Roberts-Smith joined The Ten Tenors from 2015 to 2017, and toured Australia, the US and Argentina with them.

Recorded DVD performances include Remendado in Carmen for Opera Australia in their 2013 Handa Opera on Sydney Harbour by ABC Classics, and Der Rosenkavalier recorded live at the Sydney Opera House.

In August 2014, he was invited to sing the national anthem at the National Memorial Service for the victims of Malaysia Airlines Flight 17, held at Melbourne's St Patrick's Cathedral. Prime Minister Tony Abbott and Governor-General Sir Peter Cosgrove attended the service joined by premiers and chief ministers, the public, and families of the victims.

Later that year, he toured China with the Australian International Opera Company as Count Almaviva in Mozart's The Marriage of Figaro. On the concert stage, he sang with the Queensland Symphony Orchestra in Messiah.

Roberts-Smith appeared opposite Emma Matthews in 2016 as Zurga in the West Australian Opera production of Bizet's Les pêcheurs de perles.
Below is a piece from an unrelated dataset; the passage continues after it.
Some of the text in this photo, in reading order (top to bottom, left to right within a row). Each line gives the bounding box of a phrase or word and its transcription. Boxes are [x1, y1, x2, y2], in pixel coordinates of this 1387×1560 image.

For Deutsche Oper Berlin he has appeared in over a dozen productions, including La traviata opposite Leo Nucci in August 2017, Il Barbiere di Siviglia in October 2017, Lady Macbeth of Mtsensk in April 2018, Rigoletto in May 2018 opposite Simon Keenlyside, Il viaggio a Reims in June 2018, and Andrea Chénier in November 2018.

In 2019, Roberts-Smith appeared in La traviata for West Australian Opera, understudied the role of Judge Turpin and performed in the TEG Life Like Company's Sweeney Todd starring Anthony Warlow and Gina Riley, performed Brahms' Requiem with the Sydney Philharmonia Choirs, the title role in The Marriage of Figaro for the Australian International Productions tour of China, and starred in Barry Conyngham's Australian opera Fly.
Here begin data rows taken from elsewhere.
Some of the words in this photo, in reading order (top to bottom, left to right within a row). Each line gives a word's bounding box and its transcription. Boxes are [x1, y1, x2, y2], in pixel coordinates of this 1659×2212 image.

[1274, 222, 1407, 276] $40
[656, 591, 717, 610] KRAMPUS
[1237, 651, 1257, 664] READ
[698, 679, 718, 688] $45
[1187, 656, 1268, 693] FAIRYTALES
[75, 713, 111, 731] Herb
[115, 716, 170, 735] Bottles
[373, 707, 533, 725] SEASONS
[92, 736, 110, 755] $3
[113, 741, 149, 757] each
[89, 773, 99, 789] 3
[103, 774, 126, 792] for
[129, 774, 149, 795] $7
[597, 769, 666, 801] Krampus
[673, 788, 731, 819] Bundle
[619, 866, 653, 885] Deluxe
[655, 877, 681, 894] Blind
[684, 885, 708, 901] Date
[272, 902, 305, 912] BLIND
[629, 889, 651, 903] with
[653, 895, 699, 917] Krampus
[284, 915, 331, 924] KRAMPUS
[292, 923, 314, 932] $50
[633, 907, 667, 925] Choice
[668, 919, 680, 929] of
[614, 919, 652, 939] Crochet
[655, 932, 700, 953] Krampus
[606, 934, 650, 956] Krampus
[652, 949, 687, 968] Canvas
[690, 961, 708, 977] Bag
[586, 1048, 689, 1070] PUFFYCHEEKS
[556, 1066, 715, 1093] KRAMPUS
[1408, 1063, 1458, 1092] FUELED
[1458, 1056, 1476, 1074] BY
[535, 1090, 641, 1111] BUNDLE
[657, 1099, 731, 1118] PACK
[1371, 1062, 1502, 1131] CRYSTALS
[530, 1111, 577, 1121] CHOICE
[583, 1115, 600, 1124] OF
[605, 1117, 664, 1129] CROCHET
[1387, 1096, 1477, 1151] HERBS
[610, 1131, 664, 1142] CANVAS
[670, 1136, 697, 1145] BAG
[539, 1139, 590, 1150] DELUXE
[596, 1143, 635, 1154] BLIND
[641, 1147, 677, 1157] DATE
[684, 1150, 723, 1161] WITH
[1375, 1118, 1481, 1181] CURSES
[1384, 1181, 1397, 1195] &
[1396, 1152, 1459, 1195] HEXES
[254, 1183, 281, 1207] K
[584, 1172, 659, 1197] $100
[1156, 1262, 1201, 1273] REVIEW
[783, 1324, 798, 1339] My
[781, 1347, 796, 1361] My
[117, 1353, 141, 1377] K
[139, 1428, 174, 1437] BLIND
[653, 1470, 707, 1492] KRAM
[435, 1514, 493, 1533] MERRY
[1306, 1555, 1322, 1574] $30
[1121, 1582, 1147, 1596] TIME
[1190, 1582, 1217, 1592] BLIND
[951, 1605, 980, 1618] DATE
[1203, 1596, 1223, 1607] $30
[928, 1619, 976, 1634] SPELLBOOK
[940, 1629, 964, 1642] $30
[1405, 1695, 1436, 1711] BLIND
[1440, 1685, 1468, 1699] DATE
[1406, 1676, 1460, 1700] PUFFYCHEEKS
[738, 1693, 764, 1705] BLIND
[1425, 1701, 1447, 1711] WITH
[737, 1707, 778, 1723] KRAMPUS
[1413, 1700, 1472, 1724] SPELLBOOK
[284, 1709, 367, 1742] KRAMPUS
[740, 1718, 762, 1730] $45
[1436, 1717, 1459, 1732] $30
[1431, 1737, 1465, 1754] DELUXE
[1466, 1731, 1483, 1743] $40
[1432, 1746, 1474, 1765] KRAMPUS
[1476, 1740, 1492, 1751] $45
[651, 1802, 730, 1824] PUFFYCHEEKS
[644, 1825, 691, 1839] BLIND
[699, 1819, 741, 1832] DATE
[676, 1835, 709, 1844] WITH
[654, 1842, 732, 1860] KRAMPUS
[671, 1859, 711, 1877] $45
In October that year, Roberts-Smith performed the title character in the Australian premiere of The Enchanted Pig in collaboration with internationally renowned director Gale Edwards and Academy Award winning costume designer Tim Chappel. Performances took place in the Yarra Valley in regional Victoria as part of Australia's only international opera festival.
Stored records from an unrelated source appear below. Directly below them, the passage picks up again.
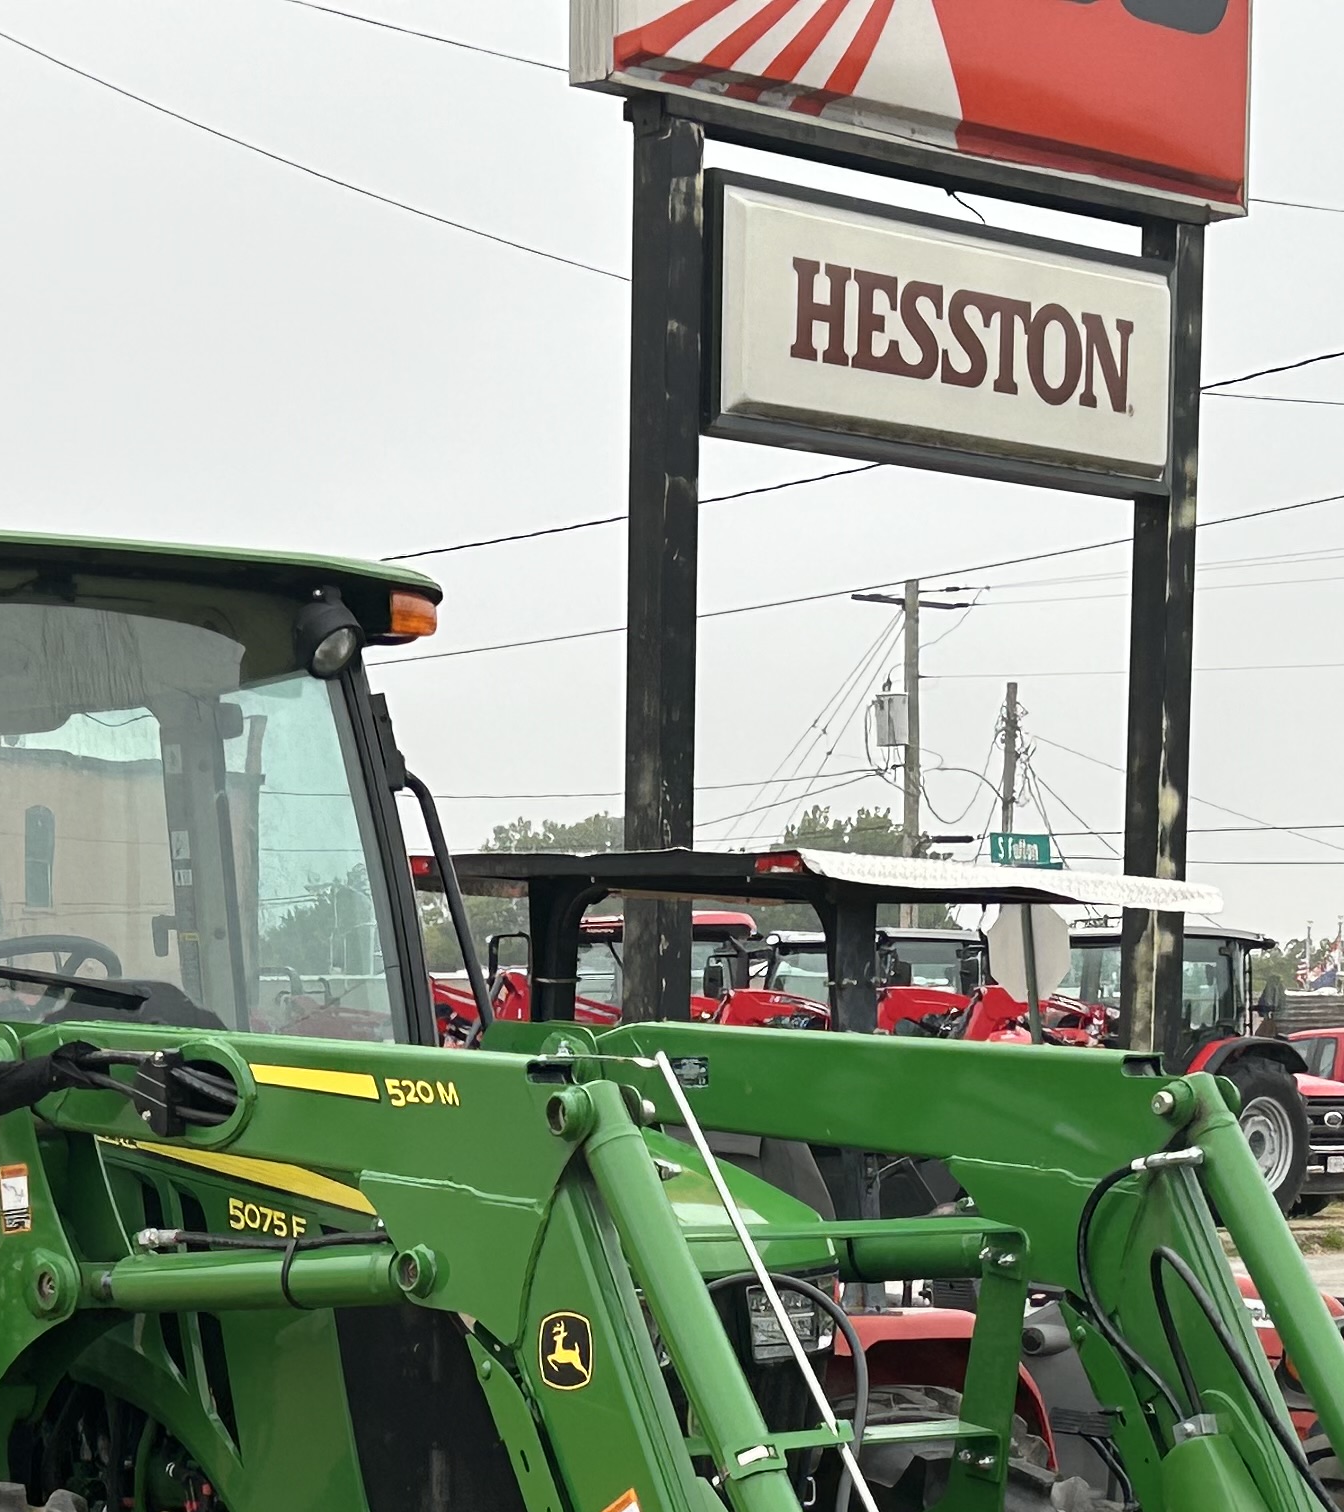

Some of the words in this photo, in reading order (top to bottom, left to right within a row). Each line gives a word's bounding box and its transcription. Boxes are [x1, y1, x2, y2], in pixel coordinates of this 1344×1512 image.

[790, 257, 1135, 413] HESSTON
[997, 836, 1005, 860] S
[384, 1077, 435, 1107] 520
[436, 1081, 460, 1107] M
[228, 1197, 288, 1238] 5075
2020 saw Roberts-Smith perform in the historic timber town of Jarrahdale at ‘Opera at the Mill’, a joint venture between West Australian Opera and the Shire of Serpentine. In March, Roberts-Smith travelled to São Paulo, Brazil, to again perform with The Ten Tenors. Due to the global spread of COVID-19, the tour was cancelled before performances took place. In October 2020, as West Australian social distancing restrictions eased, Roberts-Smith performed the role of Guglielmo in Mozart's Così fan tutte for West Australian Opera, the first major opera company to return to live performance with a fully staged production in Australia.

== Accolades ==
He has won numerous Australian and international awards, including the Joan Sutherland Vocal Scholarship, first place in the 2009 Australian Singing Competition, Symphony Australia Young Vocalist Award, Best Performance Award at the 2014 Paris Opera Awards, and the inaugural Deutsche Oper Berlin Award in 2016. In 2015 the West Australian Opera selected Roberts-Smith as a Mentored Artist in 2015. In 2021, he made the dean's list at Edith Cowan University School of Business and Law.